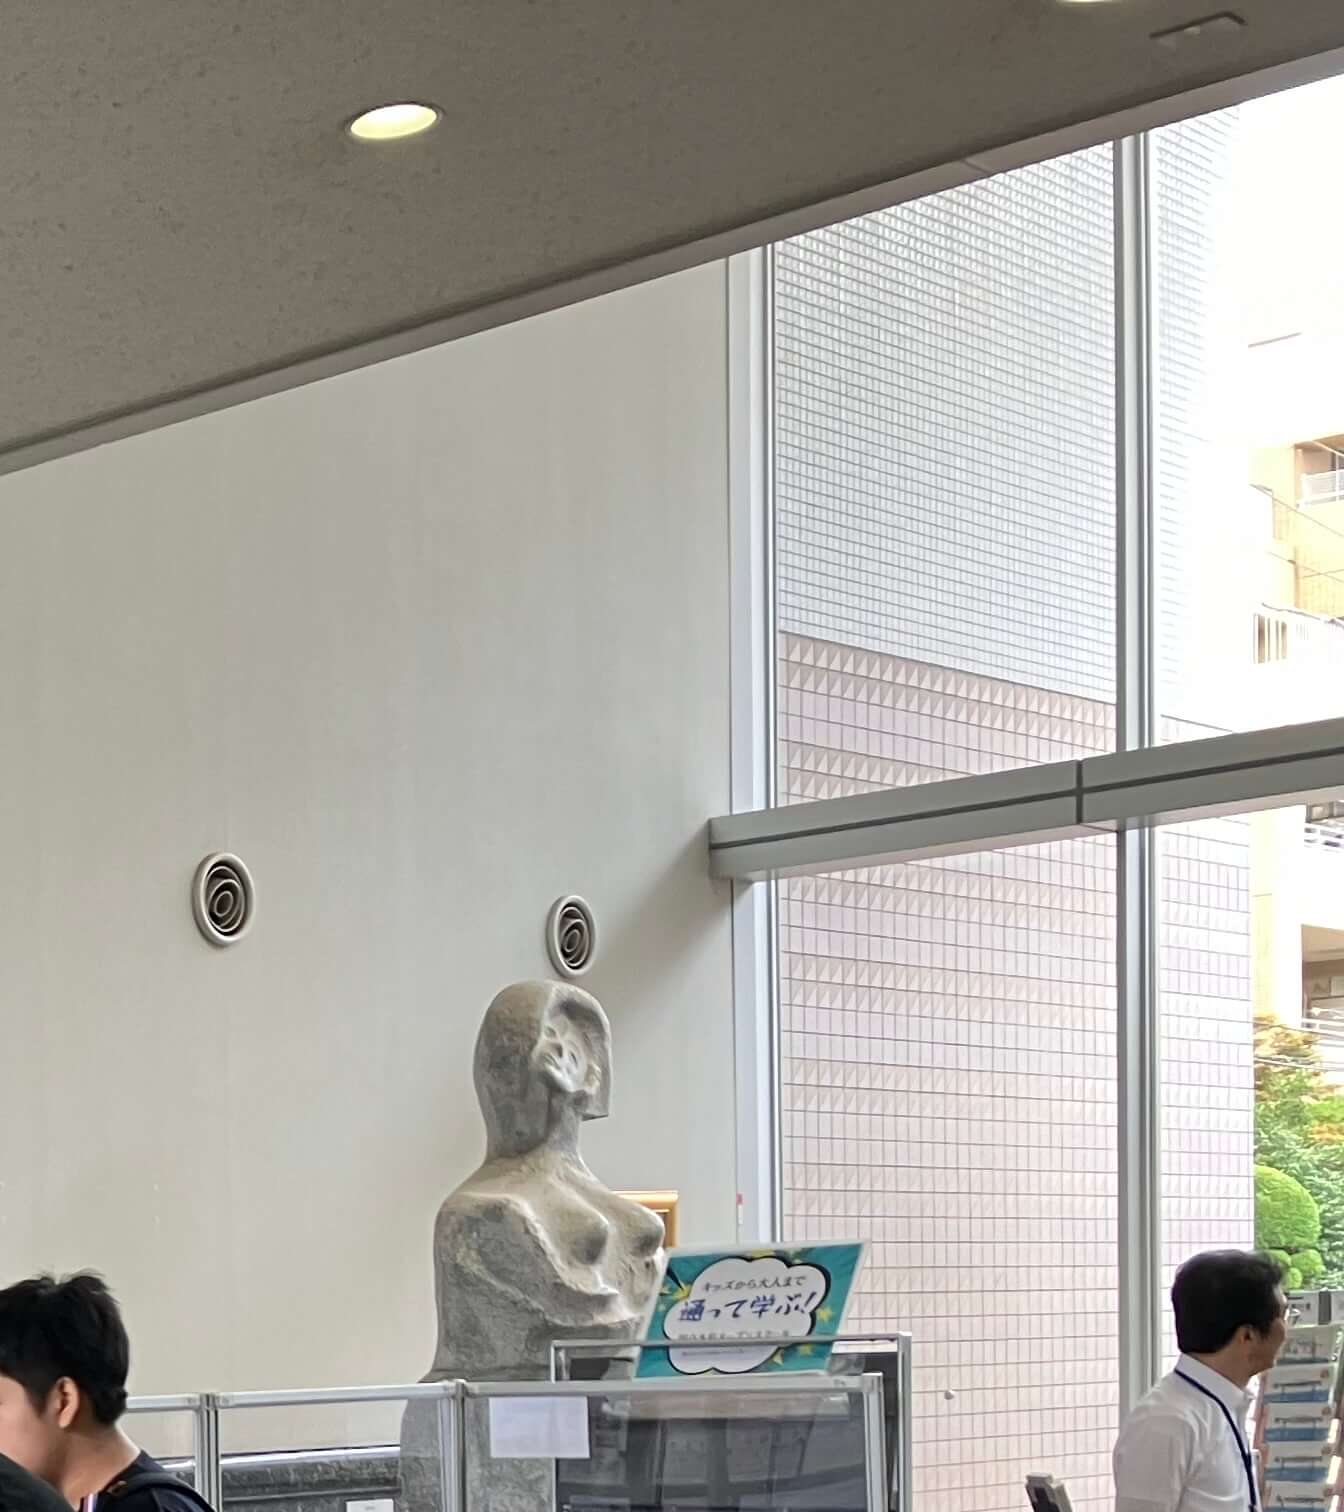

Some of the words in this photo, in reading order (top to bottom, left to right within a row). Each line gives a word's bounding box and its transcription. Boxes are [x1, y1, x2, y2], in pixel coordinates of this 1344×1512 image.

[701, 1275, 807, 1292] キッズから大人まで
[678, 1291, 817, 1322] 通って学ぶ!
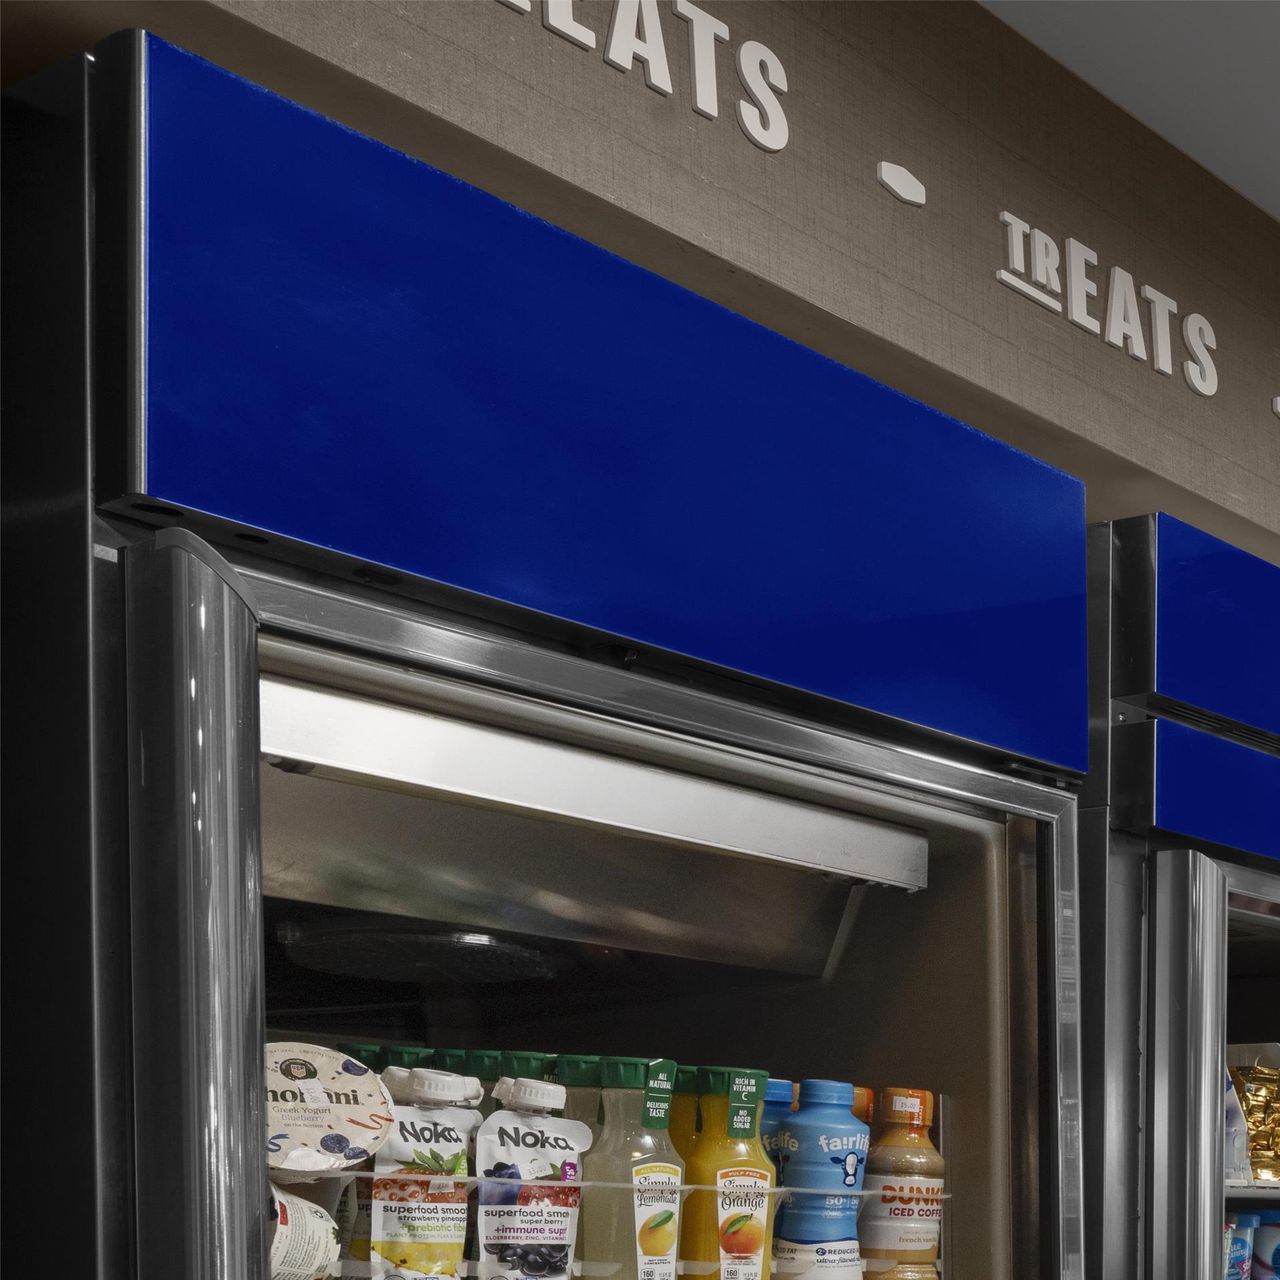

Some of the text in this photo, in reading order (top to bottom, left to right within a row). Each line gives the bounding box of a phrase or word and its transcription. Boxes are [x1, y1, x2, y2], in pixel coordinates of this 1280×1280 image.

[997, 210, 1219, 397] TREATS
[741, 1092, 748, 1101] C
[649, 1109, 665, 1118] TASTE
[733, 1115, 751, 1123] ADDED
[400, 1121, 462, 1144] Noka
[498, 1127, 575, 1151] Noka
[383, 1205, 438, 1214] superfood
[484, 1209, 543, 1217] superfood
[889, 1208, 915, 1216] ICED

**Work request:**
Leave the pictures out and set down the rest of the listing above exactly.

**Solved exercise:**
Some of the words in this photo, in reading order (top to bottom, left to right within a row). Each line gives a word's bounding box and its transcription. Boxes are [x1, y1, x2, y2], in pixel coordinates of this 1344×1512 image.

[701, 1275, 807, 1292] キッズから大人まで
[678, 1291, 817, 1322] 通って学ぶ!

Some of the text in this photo, in reading order (top to bottom, left to right within a row). Each line gives the bounding box of a phrase or word and its transcription. Boxes are [x1, y1, x2, y2], in pixel coordinates of this 1280×1280 image.

[997, 210, 1219, 397] TREATS
[741, 1092, 748, 1101] C
[649, 1109, 665, 1118] TASTE
[733, 1115, 751, 1123] ADDED
[400, 1121, 462, 1144] Noka
[498, 1127, 575, 1151] Noka
[383, 1205, 438, 1214] superfood
[484, 1209, 543, 1217] superfood
[889, 1208, 915, 1216] ICED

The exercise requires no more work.